The images were captured simultaneously by two massive space telescopes
America’s space agency has released a series of photos showing the aftermath of a “planetary defense” experiment which aimed to knock an incoming asteroid off course, with giant plumes of material seen flying off the object after a deliberate collision with a spacecraft.
NASA issued the images on Thursday, revealing early results of the Double Asteroid Redirection Test (DART) conducted earlier this week, what the space agency deemed the “world’s first test of the kinetic impact mitigation technique, using a spacecraft to deflect an asteroid.” The photos were taken by the Hubble Space Telescope and the newer James Webb Space Telescope, also marking the first time the two observatories captured the same celestial body simultaneously.
“When I saw the data, I was literally speechless, stunned by the amazing detail of the ejecta that Hubble captured,” said Jian-Yang Li of the Planetary Science Institute in Tucson, Arizona, who led the Hubble team’s observations, referring to the plumes of material thrown from the asteroid Dimorphos. “I feel lucky to witness this moment and be part of the team that made this happen.”
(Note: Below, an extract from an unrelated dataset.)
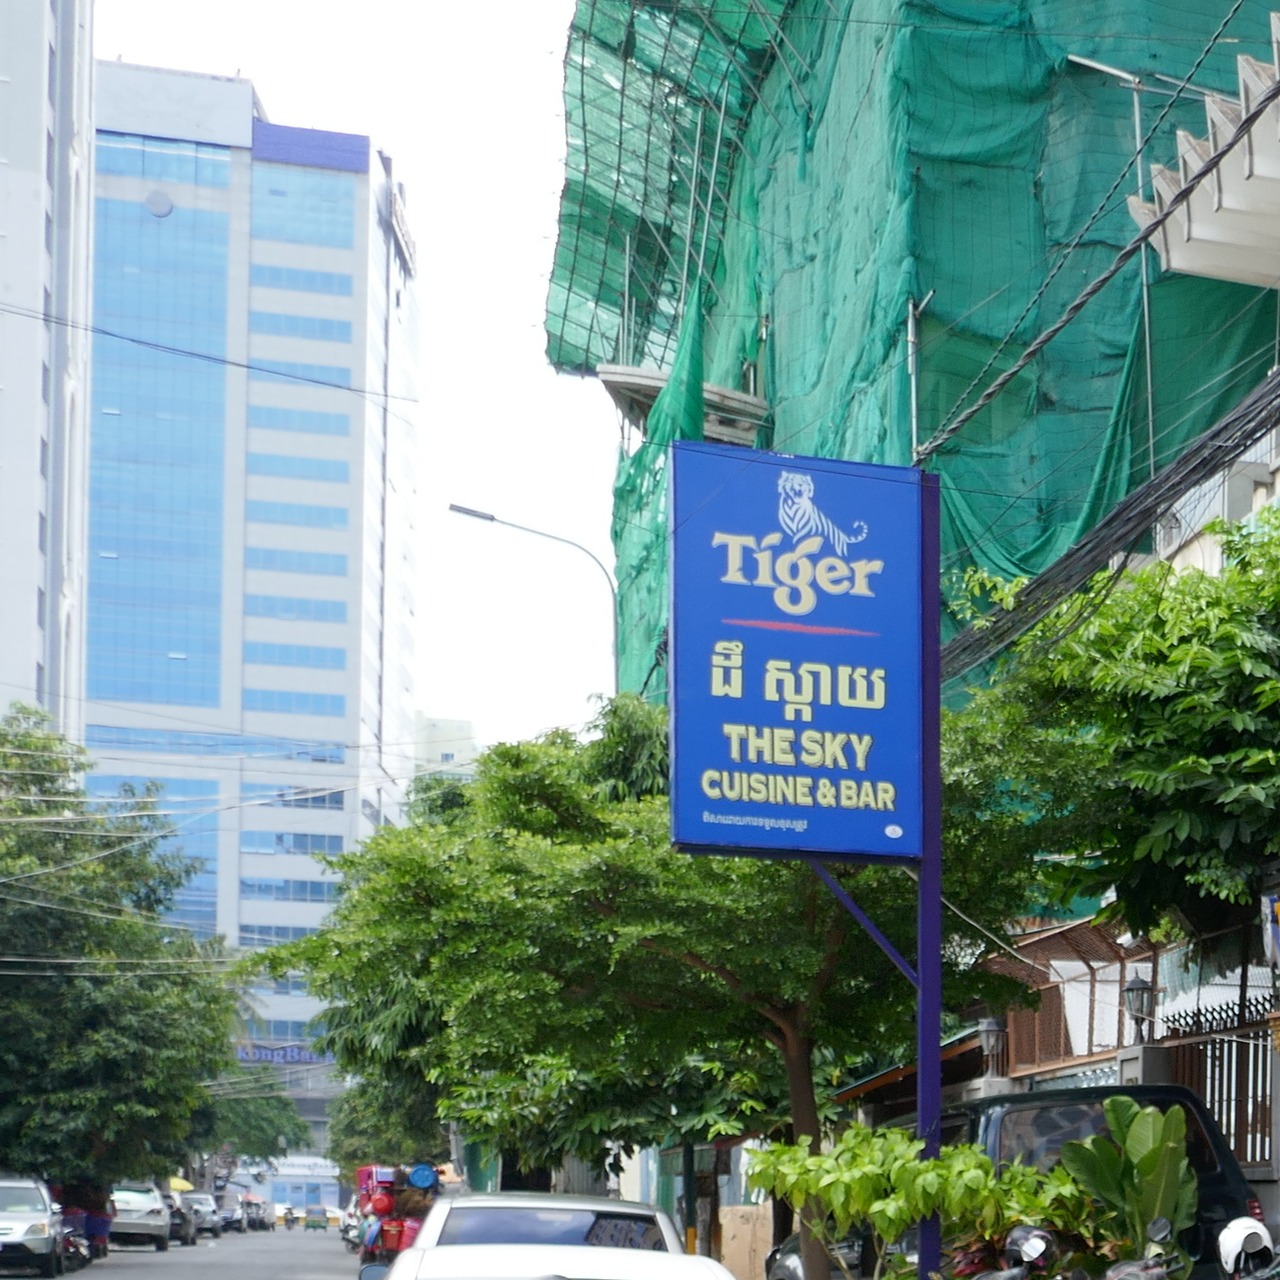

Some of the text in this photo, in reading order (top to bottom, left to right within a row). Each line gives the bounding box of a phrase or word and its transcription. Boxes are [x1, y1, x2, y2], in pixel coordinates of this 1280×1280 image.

[711, 531, 884, 616] Tiger
[723, 724, 873, 772] THE SKY
[702, 769, 896, 812] CUISINE & BAR
Check out Hubble’s “after” shots from #DARTMission impact!
Earlier this week, @NASA intentionally crashed a spacecraft into Dimorphos, a non-threatening asteroid moonlet in the double-asteroid system of Didymos, in a test of planetary defense: https://t.co/pe2qeFDYoS pic.twitter.com/VQ5X1pQlEy
— Hubble (@NASAHubble) September 29, 2022
Dimorphos can be seen to grow increasingly brighter in images captured 22 minutes, 5 hours and 8.2 hours after DART’s impact, with huge clouds thrown from its surface appearing to glow a pale blue in visible light.
Speed, I am speed.
Observing the #DARTMission impact with Webb was a unique challenge. The target moved over at a speed over 3 times faster than the original speed limit Webb was designed to track! In the weeks leading up to the impact, teams carefully tested for success. pic.twitter.com/XGpTsMg0Ab
— NASA Webb Telescope (@NASAWebb) September 29, 2022
Another timelapse series from the James Webb telescope shows the asteroid just before the collision, as well as several hours post-impact. An “area of rapid, extreme brightening” can be observed after DART hit its target, NASA said.
Here is one from Hawaii https://t.co/ULbGTF4fM8
— Thomas Zurbuchen (@Dr_ThomasZ) September 29, 2022
The space agency will continue to look in on Dimorphos and its companion asteroid Didymos to determine the effects of the DART experiment, with researchers set to monitor the binary asteroid system 10 more times over the next three weeks. NASA also plans to observe the asteroids using the Webb telescope’s Mid-Infrared Instrument (MIRI) and Near-Infrared Spectrograph (NIRSpec) to help understand the objects’ chemical composition.